*EXERCISE DETAILS*: Extract the records in full, leaving every picture out.

### DATA PROVIDED ###

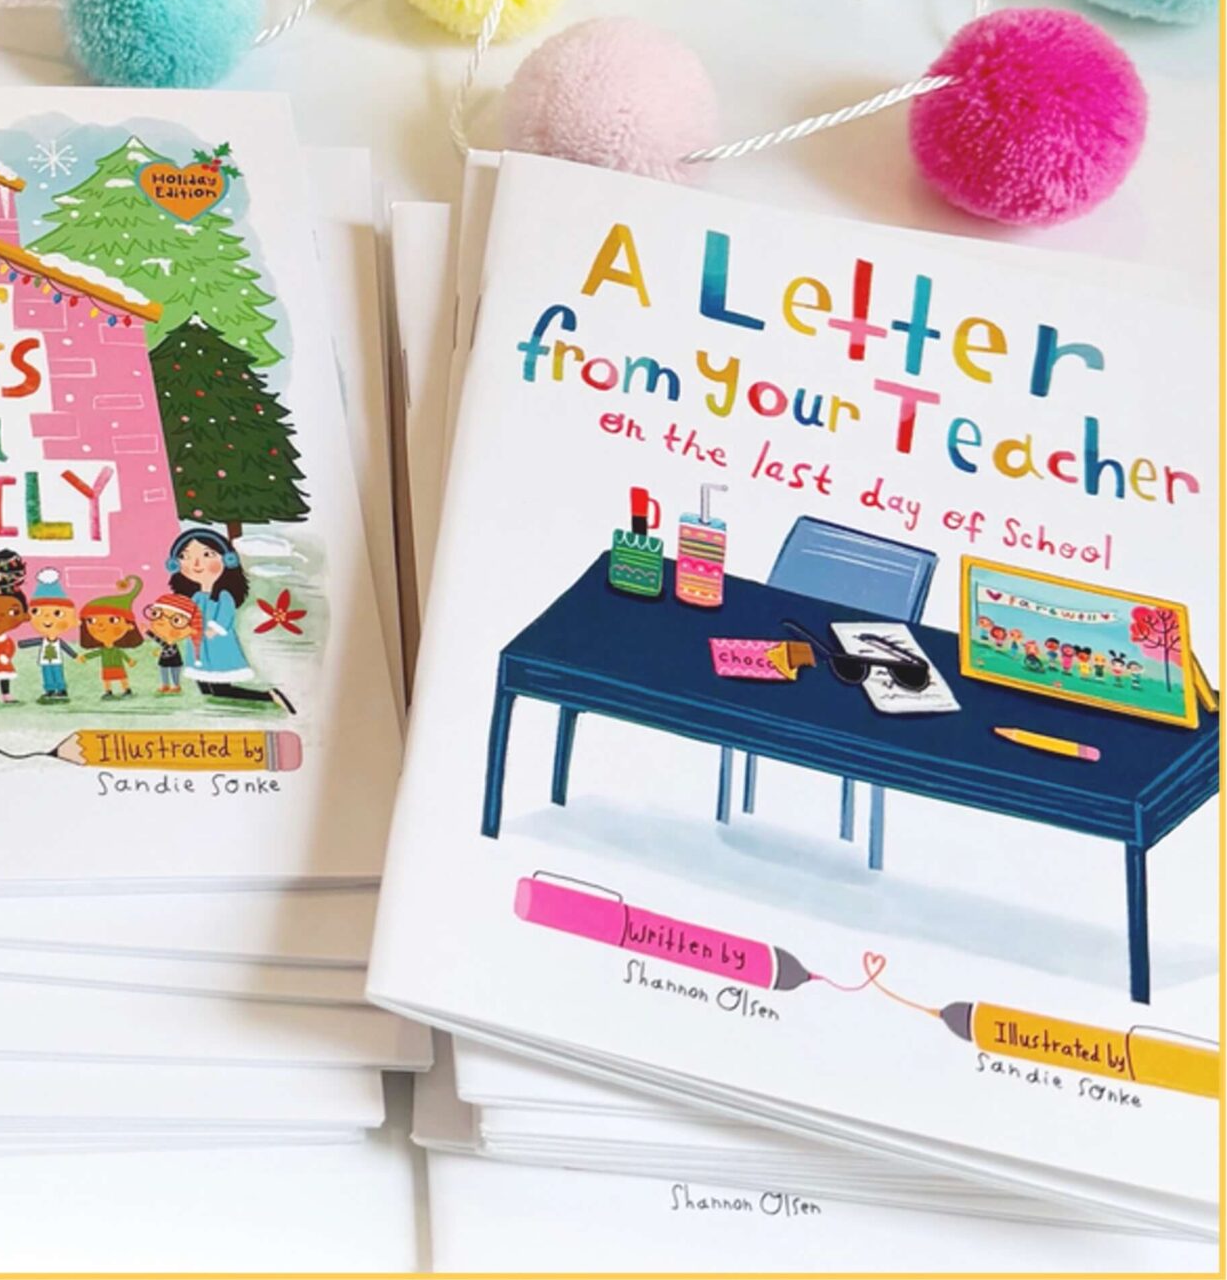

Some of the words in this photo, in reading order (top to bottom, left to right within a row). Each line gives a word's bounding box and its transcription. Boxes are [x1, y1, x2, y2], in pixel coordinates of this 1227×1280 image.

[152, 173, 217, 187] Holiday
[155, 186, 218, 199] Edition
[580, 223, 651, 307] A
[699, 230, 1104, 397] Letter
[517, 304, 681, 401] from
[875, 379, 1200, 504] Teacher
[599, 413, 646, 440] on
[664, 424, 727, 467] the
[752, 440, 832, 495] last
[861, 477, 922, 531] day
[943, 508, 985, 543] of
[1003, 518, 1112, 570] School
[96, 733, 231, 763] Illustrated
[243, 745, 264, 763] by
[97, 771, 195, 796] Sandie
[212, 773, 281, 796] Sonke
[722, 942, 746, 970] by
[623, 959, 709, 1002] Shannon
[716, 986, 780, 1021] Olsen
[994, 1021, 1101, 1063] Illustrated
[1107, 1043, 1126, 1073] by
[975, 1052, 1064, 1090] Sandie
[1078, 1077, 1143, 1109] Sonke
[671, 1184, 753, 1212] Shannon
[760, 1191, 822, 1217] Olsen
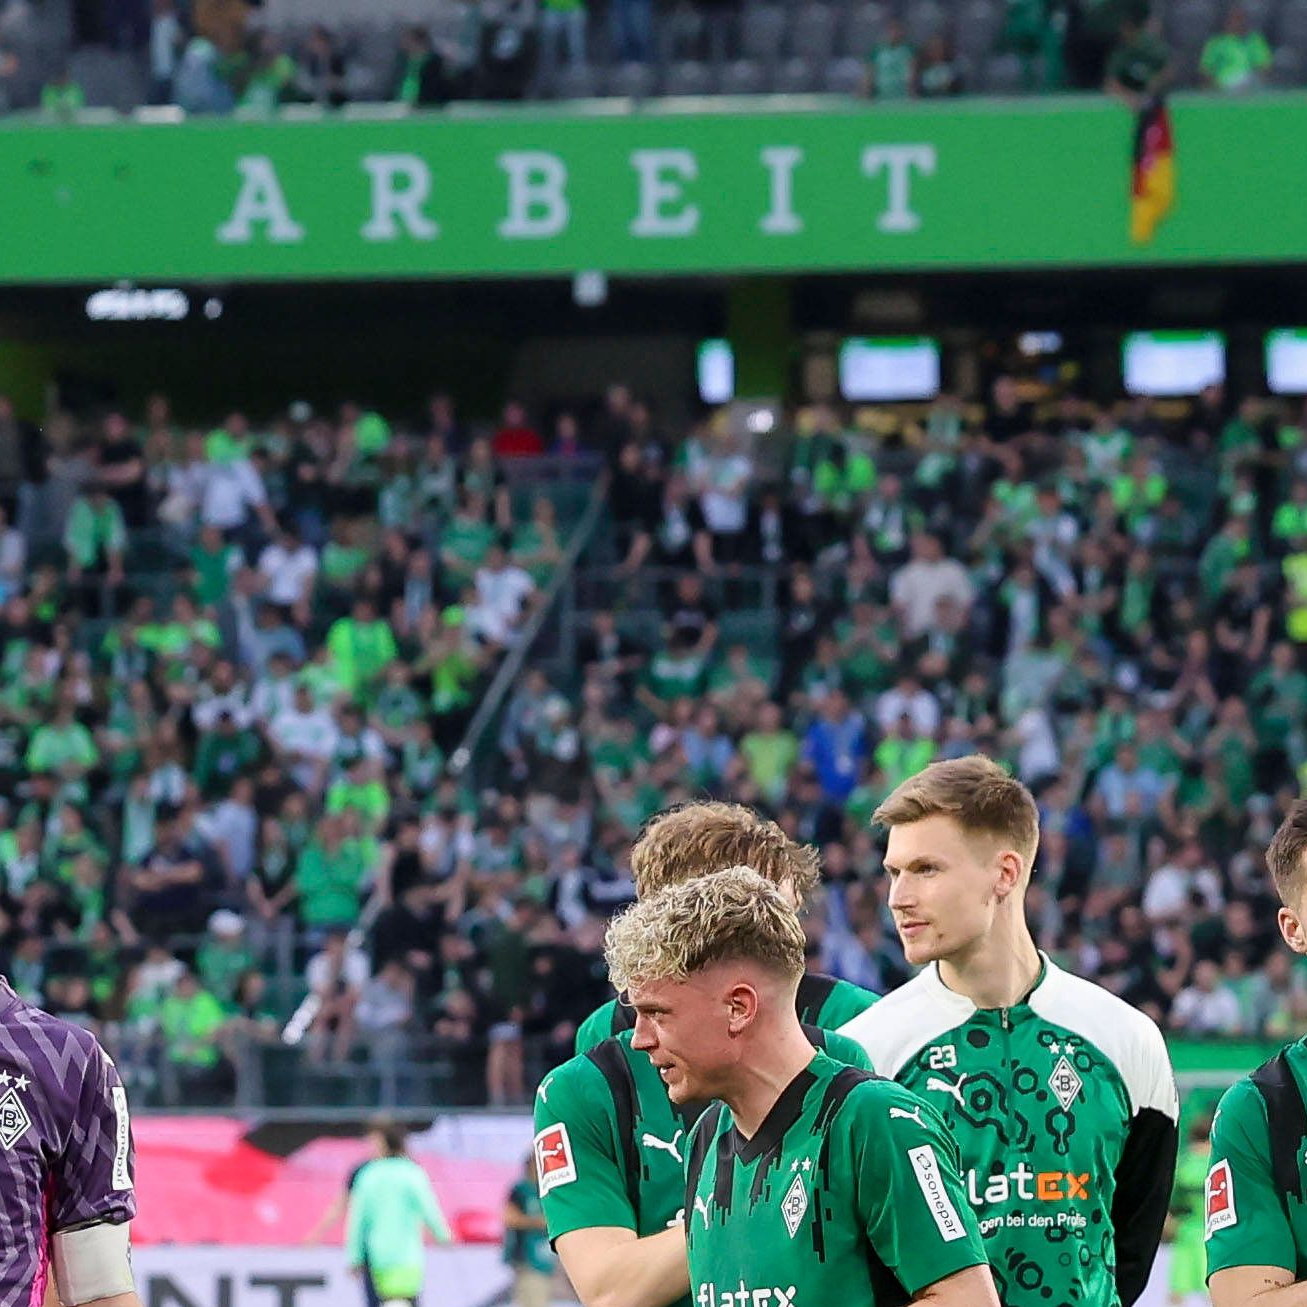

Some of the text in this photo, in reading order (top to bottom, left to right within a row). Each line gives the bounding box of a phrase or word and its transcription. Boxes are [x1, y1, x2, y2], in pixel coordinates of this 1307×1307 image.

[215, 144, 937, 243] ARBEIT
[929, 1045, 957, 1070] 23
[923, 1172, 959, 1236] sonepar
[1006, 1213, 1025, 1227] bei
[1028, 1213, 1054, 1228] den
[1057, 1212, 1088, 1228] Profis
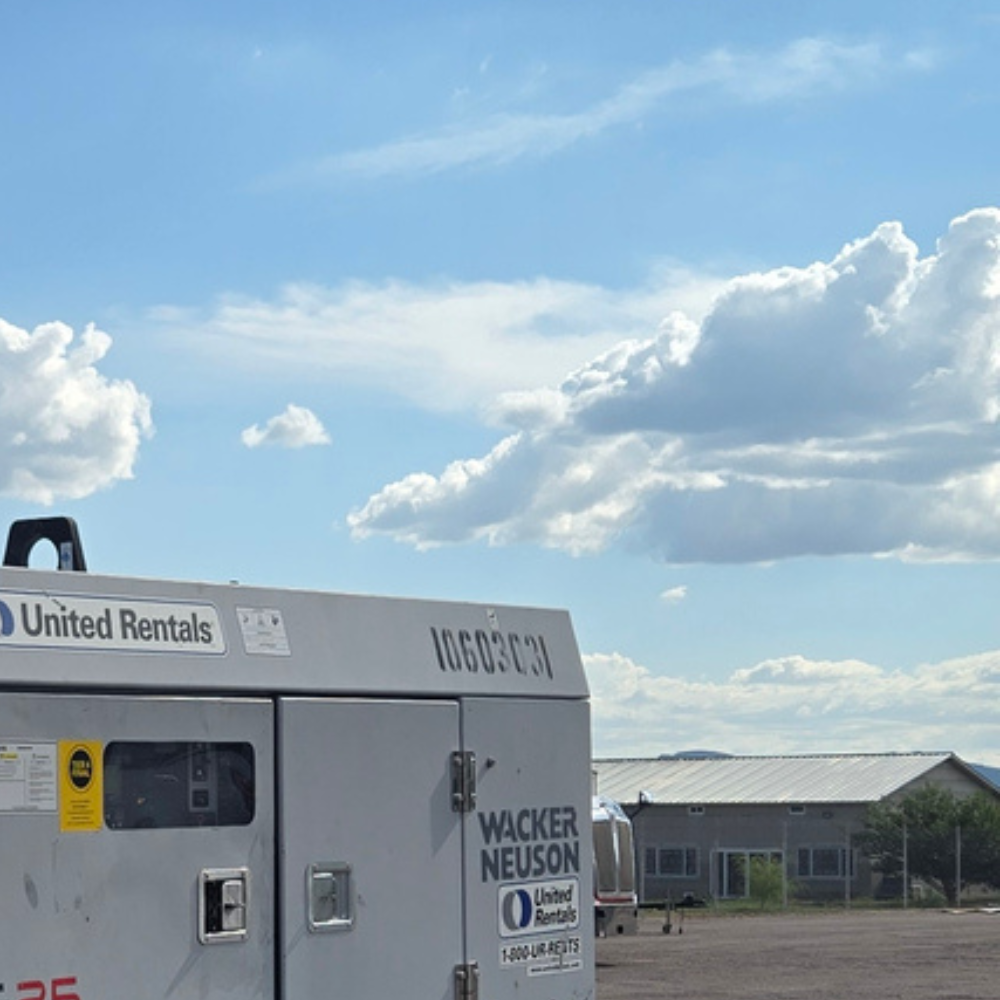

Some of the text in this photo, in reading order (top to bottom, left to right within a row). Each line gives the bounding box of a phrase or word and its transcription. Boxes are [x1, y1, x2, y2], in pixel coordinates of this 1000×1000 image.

###

*EXERCISE RESPONSE*:
Some of the words in this photo, in reading order (top to bottom, left to right within a row). Each line gives a word's bounding box and its transcription. Boxes are [x1, y1, x2, y2], in pixel coordinates of this 1227×1280 image.

[152, 173, 217, 187] Holiday
[155, 186, 218, 199] Edition
[580, 223, 651, 307] A
[699, 230, 1104, 397] Letter
[517, 304, 681, 401] from
[875, 379, 1200, 504] Teacher
[599, 413, 646, 440] on
[664, 424, 727, 467] the
[752, 440, 832, 495] last
[861, 477, 922, 531] day
[943, 508, 985, 543] of
[1003, 518, 1112, 570] School
[96, 733, 231, 763] Illustrated
[243, 745, 264, 763] by
[97, 771, 195, 796] Sandie
[212, 773, 281, 796] Sonke
[722, 942, 746, 970] by
[623, 959, 709, 1002] Shannon
[716, 986, 780, 1021] Olsen
[994, 1021, 1101, 1063] Illustrated
[1107, 1043, 1126, 1073] by
[975, 1052, 1064, 1090] Sandie
[1078, 1077, 1143, 1109] Sonke
[671, 1184, 753, 1212] Shannon
[760, 1191, 822, 1217] Olsen

Some of the text in this photo, in reading order (top to bottom, left to right within a row). Each line gives the bounding box of a phrase or word and its transcription. Boxes are [x1, y1, x2, y2], in pixel coordinates of this 1307×1307 image.

[215, 144, 937, 243] ARBEIT
[929, 1045, 957, 1070] 23
[923, 1172, 959, 1236] sonepar
[1006, 1213, 1025, 1227] bei
[1028, 1213, 1054, 1228] den
[1057, 1212, 1088, 1228] Profis

Some of the text in this photo, in reading order (top to bottom, left to right within a row). Each line gives the bounding box of a phrase or word and its transcription. Boxes are [x1, y1, x2, y2], in pixel coordinates of this 1000×1000 image.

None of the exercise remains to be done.